Many of the songs on the album are quite lengthy, but very focused as well. Is that something you set out to work on, or is it a result of a natural songwriting? Definitely natural song writing, but we never have any preconceptions of how long a song is to go for. Once the basics of a song has been laid down, we spend some time playing through it and either extend parts of remove parts, depending on what we see works best ­ but on lighter note it is really cool to write a long drawn out doom song hahahaha, it works wonders in maintaining a set mood. Are there any leftover tracks that were recorded but won’t be appearing on the album?

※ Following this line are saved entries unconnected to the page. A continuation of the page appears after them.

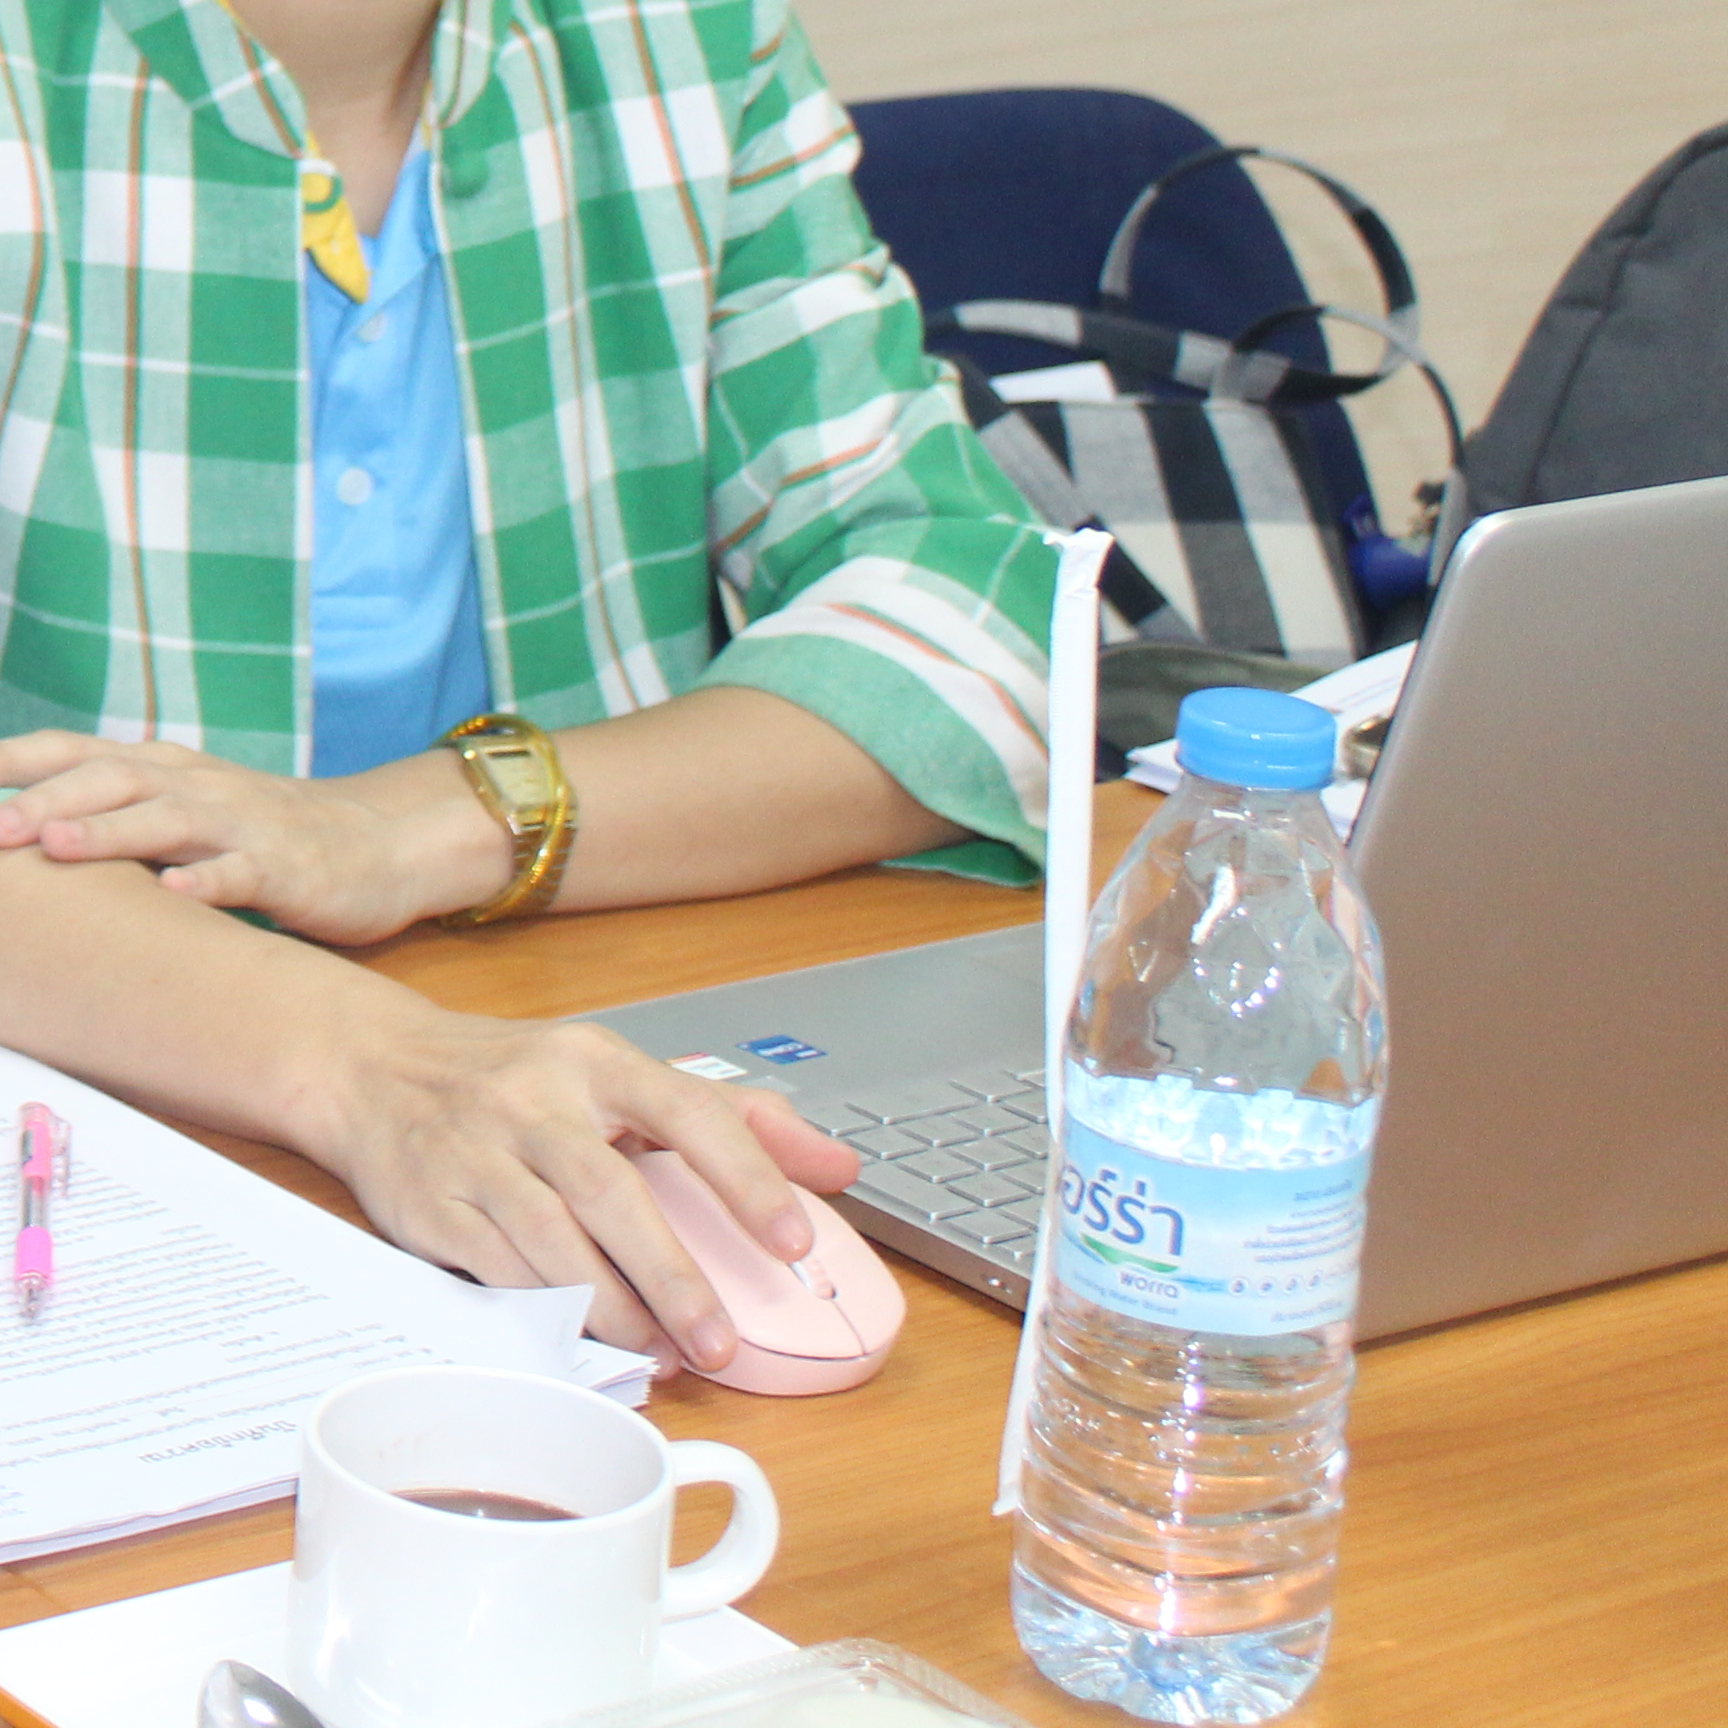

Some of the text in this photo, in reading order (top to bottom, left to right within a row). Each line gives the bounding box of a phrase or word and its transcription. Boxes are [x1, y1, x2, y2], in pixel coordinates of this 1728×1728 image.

[1060, 1164, 1184, 1256] อร์ร่า
[1119, 1271, 1179, 1299] worra
[137, 1419, 298, 1465] บันทึกข้อความ
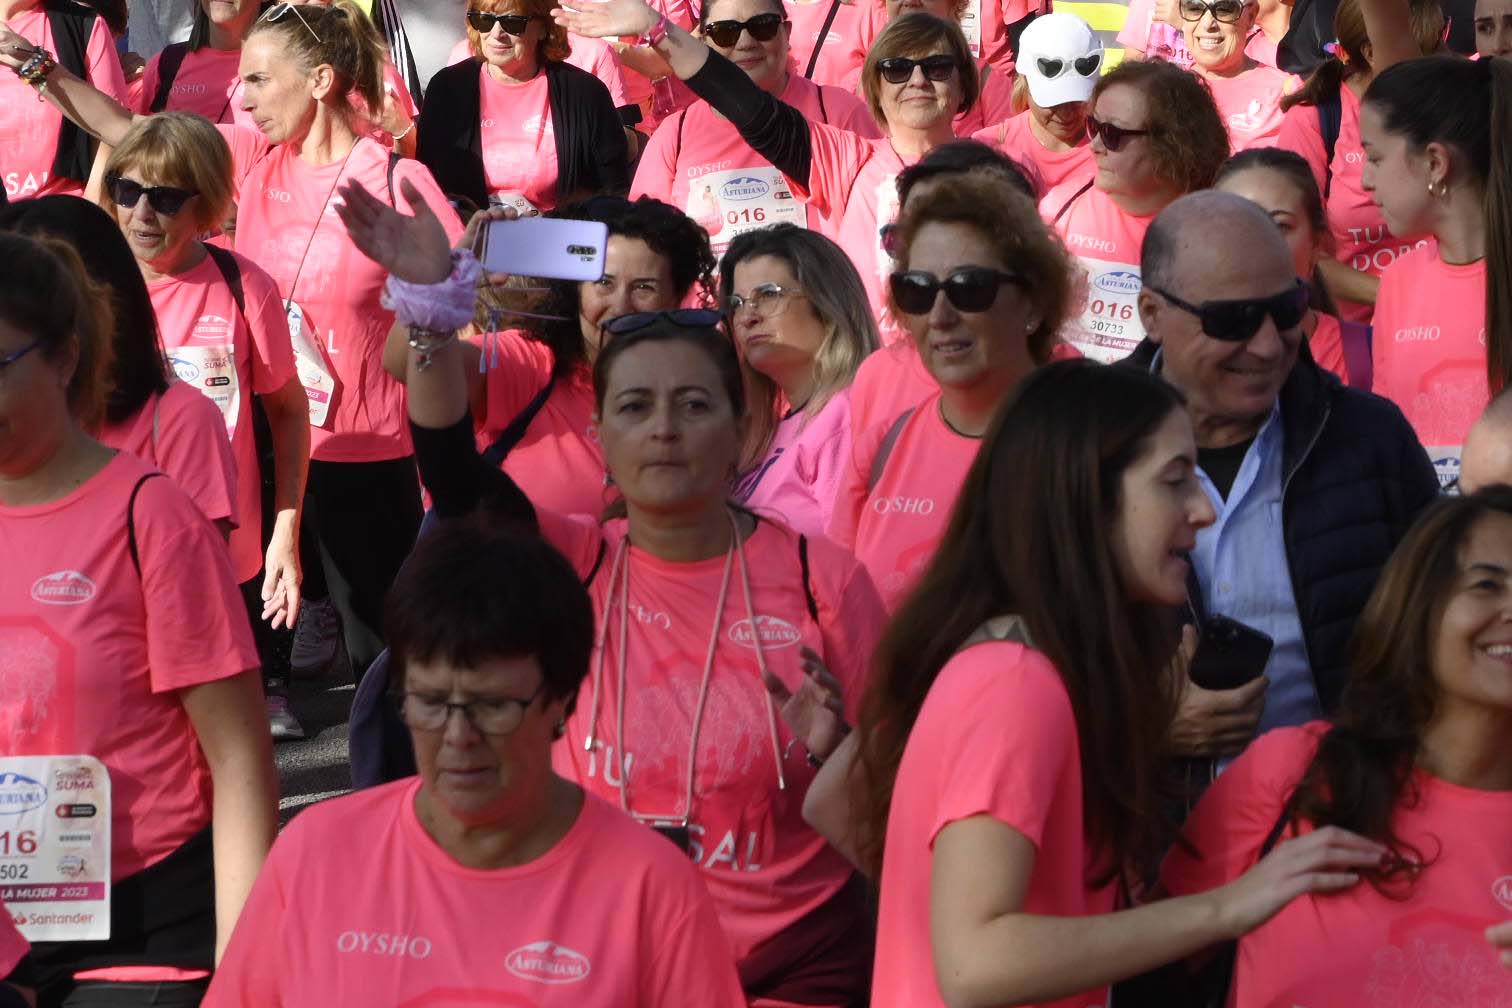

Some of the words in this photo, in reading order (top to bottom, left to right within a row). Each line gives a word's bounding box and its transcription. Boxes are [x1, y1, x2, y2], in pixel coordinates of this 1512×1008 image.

[687, 160, 732, 178] OYSHO
[723, 186, 767, 198] ASTURIANA
[727, 207, 767, 225] 016
[1067, 233, 1117, 254] OYSHO
[1347, 225, 1383, 246] TU
[1090, 299, 1134, 320] 016
[1089, 320, 1124, 335] 30733
[873, 495, 936, 516] OSHO
[56, 780, 95, 791] SUMA
[16, 887, 57, 899] MUJER
[61, 886, 90, 898] 2023
[29, 912, 96, 926] Santander
[336, 930, 432, 960] OYSHO
[512, 956, 586, 976] ASTURIANA
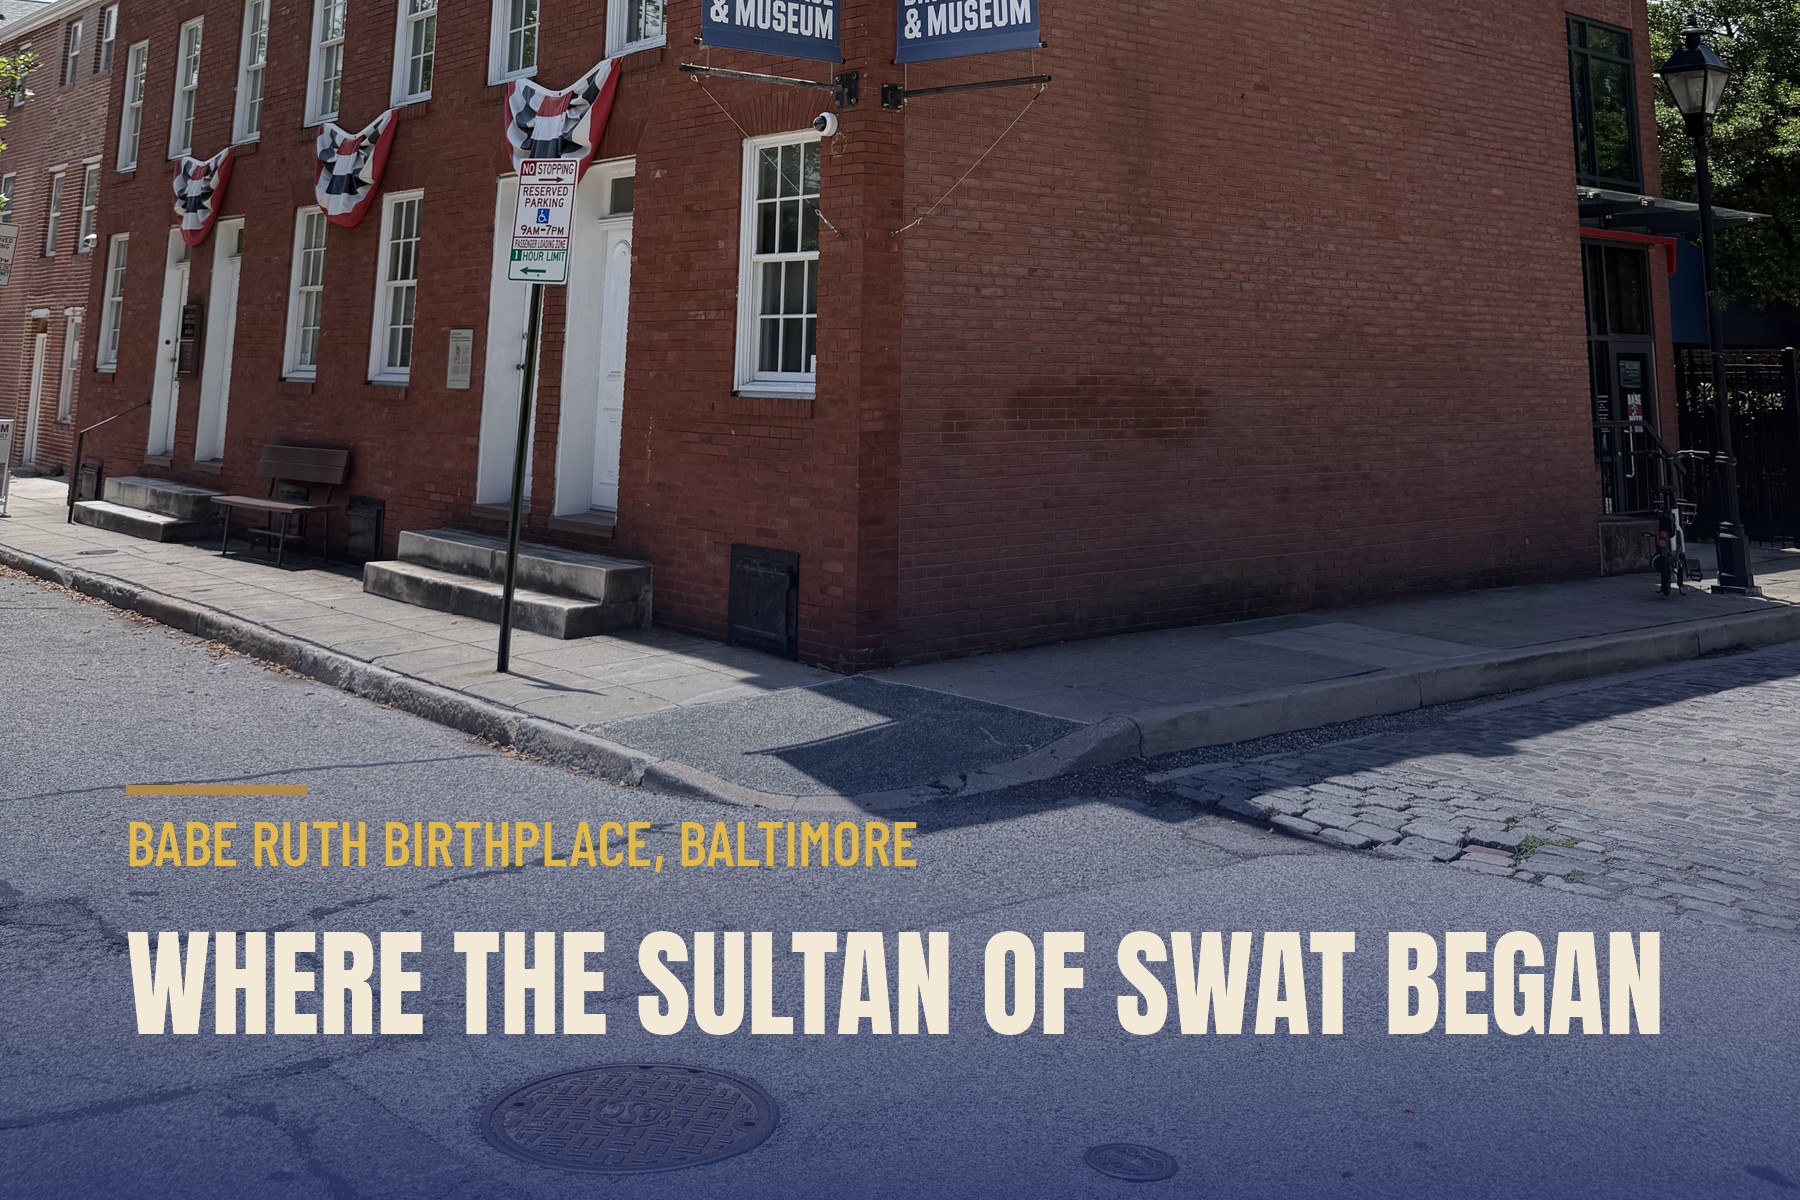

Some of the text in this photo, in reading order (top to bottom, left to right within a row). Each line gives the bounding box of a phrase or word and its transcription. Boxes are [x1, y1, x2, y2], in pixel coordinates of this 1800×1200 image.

[904, 8, 922, 39] &
[522, 163, 574, 175] NO STOPPING
[522, 186, 569, 197] RESERVED
[524, 197, 565, 208] PARKING
[520, 224, 565, 236] 9AM-7PM
[514, 239, 566, 249] PASSENGER LOADING ZONE
[514, 250, 566, 262] 1 HOUR LIMIT
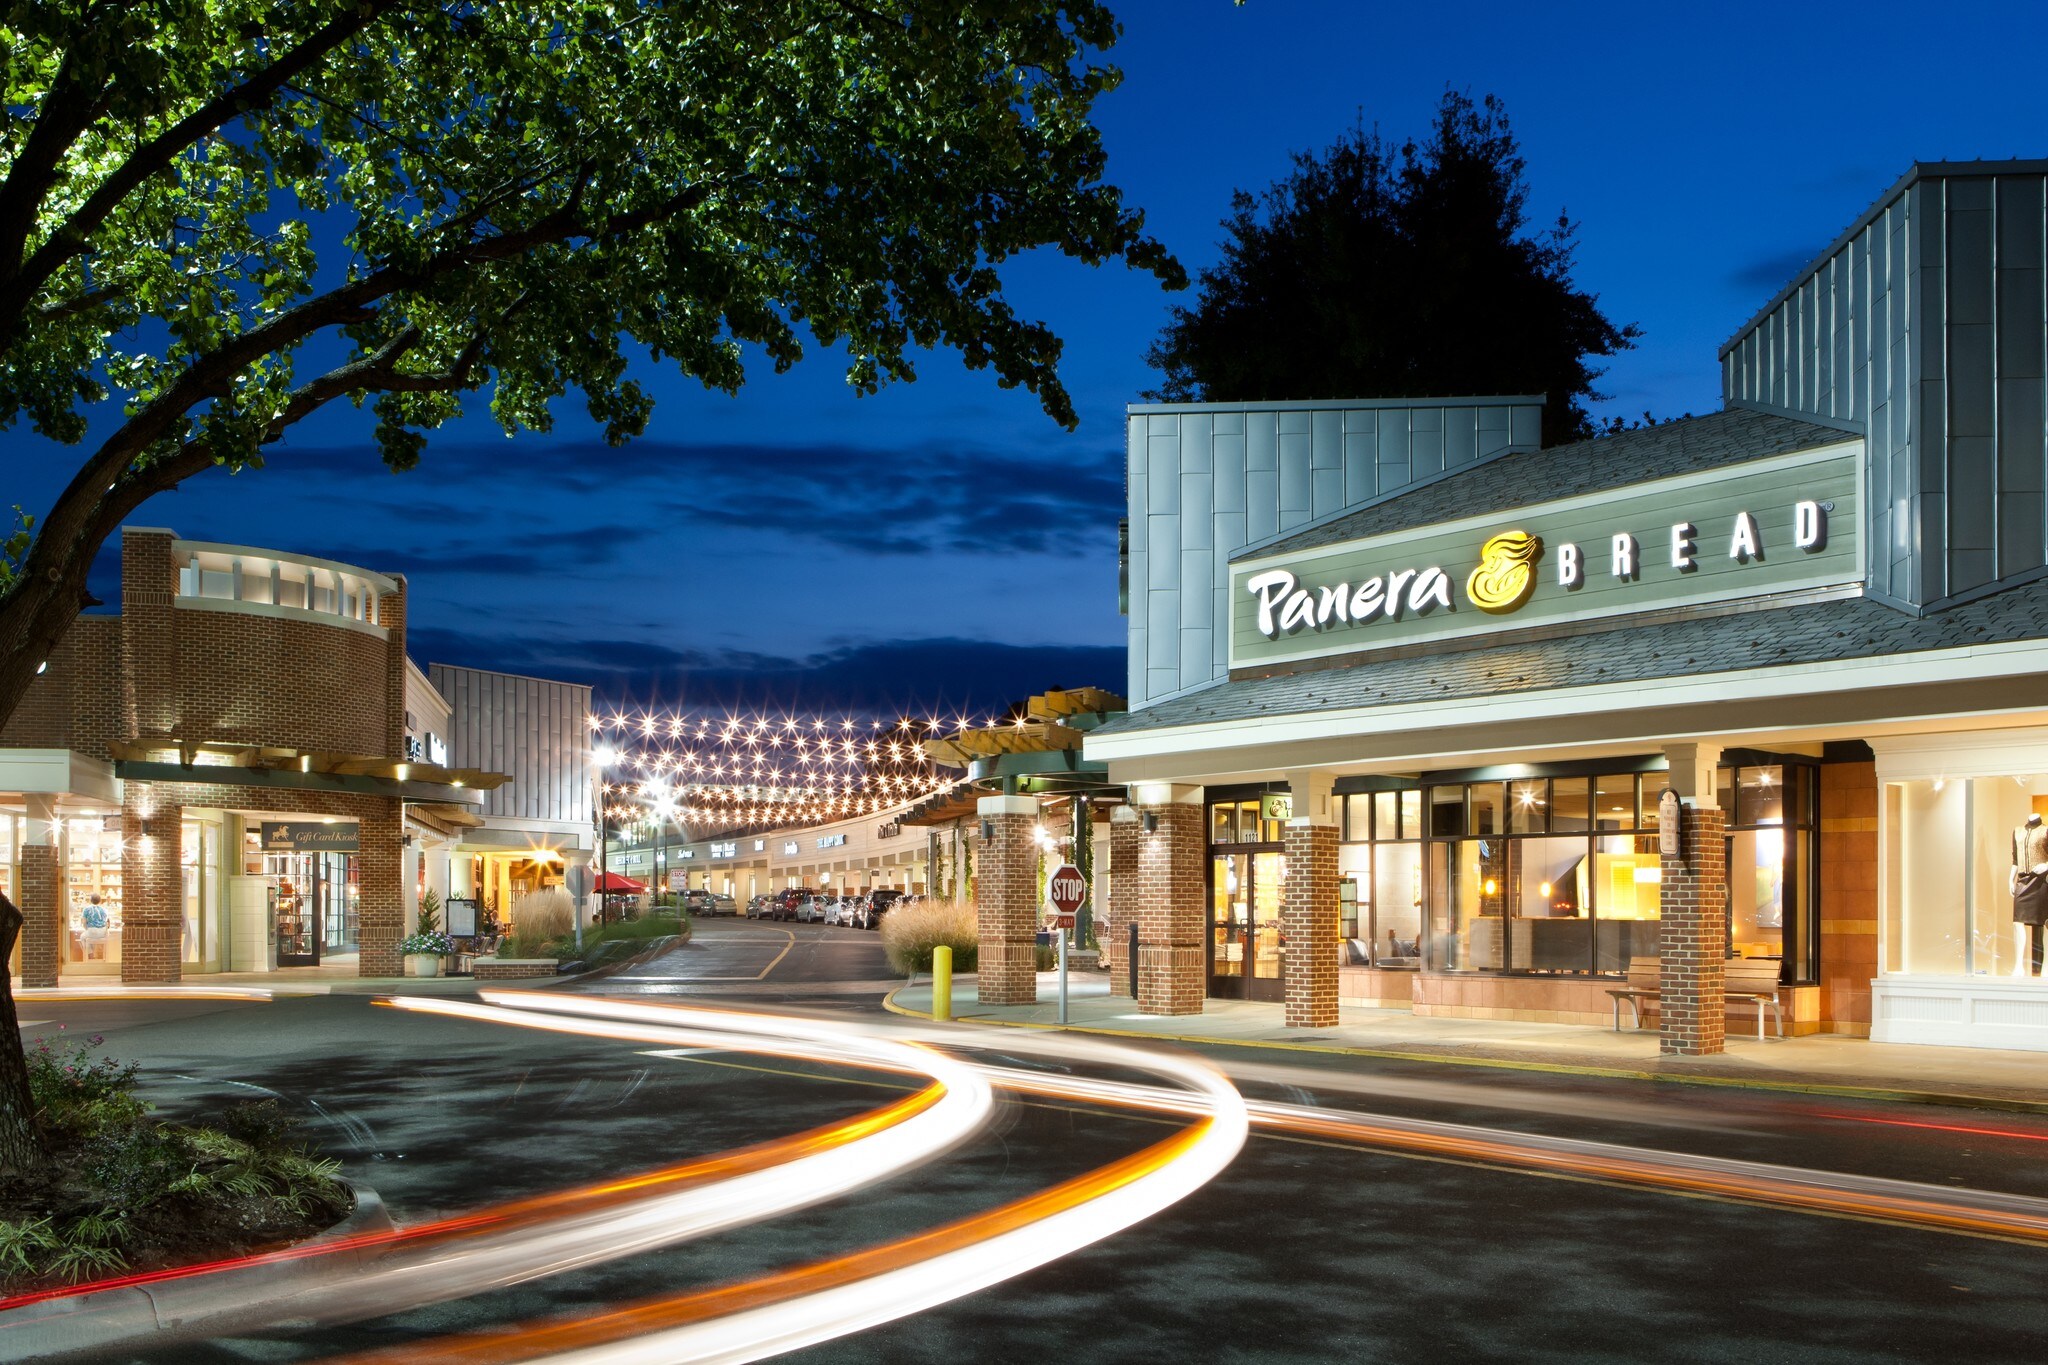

There were some tracks in the works that didn’t make the album; it’s not anything to do with them not being quality enough to appear. It was just a matter of simply how much room we have on a CD. We don’t really go in for the 75minute long albums or anything like that. So those songs weren’t on this album, they will appear on future albums though. With such a contrast of vocals, from elegant and bright female vocals to rough and scream male vocals, the band seems to have no problem creating perfect harmony. Is this a difficult task? No, I wouldn’t say it’s difficult. We lay something basic for starters, usually these days we do a lot of our writing in front of the computer and have very rough tracks to start with, so the idea is down, and then we can start building the layers on top of that, and trying things out. Have you any favorite female metal singers playing around? “Lycanthia” has never really had any female vocalists that have inspired us specifially, however we do enjoy a lot of bands with female singers. A couple of my favourites being Lisa Johansson, “ex­Draconian” and Anneke van Giersbergen, “ex­The Gathering”. Do you consider your non­metal influences as important as your metal ones? Yeah, we definitely take all our influences as seriously as the others. Just as an example, some of my current influences go from "Primordial" and to another extent, recent "Anathema", which these days I wouldn’t put May 2013 I Milfits 'zine

LYCANTHIA into a category of Metal ­ but I draw influence from both equally. Obviously the classical influences come out in our music. It’s sometimes suggested bands are a product of their geography and environment, have your surroundings inspired or influenced you? I wouldn’t go to say that, I don’t think Sydney is the worst place to live and half an hour or so in each direction I can be on the coast or I can be up in the mountains, but definitely the fact that I have to go to work every day, money, society, politics, environmental problems; but these things would affect me anywhere that I could be living in the world. What do you think about the Australian Metal scene? Are there any bands that you specially like? I think the Australian Metal Scene is awesome, and very underrated. Here is a number of Australian bands that I enjoy, and anybody reading this should definitely check them out: “Subterranean Disposition”, “Myraeth”, “Futility”, “The Veil”, “Okera”, “The Eternal”, “Ne Obliviscaris”, “Be’Lakor”, “Avrigus”, “Cruciform”. What are the goals that you hope to achieve through “Lycanthia”? Long term: more albums, and hopefully to tour overseas. Short term: we will be touring a number of dates on the Australian East Coast, with label­mate “Subterranean Disposition”. Our album “Oligarchy” will be released in March 2013, world­wide, in a digipak format, through “Hypnotic Dirge Records”. In May we will be supporting Swiss band “Eluveitie” in Sydney, and then we will be spending some time focusing on completing songs for a new album. Any final thoughts or comments? I hope to see you all at one of our shows in the upcoming months, check out our website or facebook page for any Merch and information.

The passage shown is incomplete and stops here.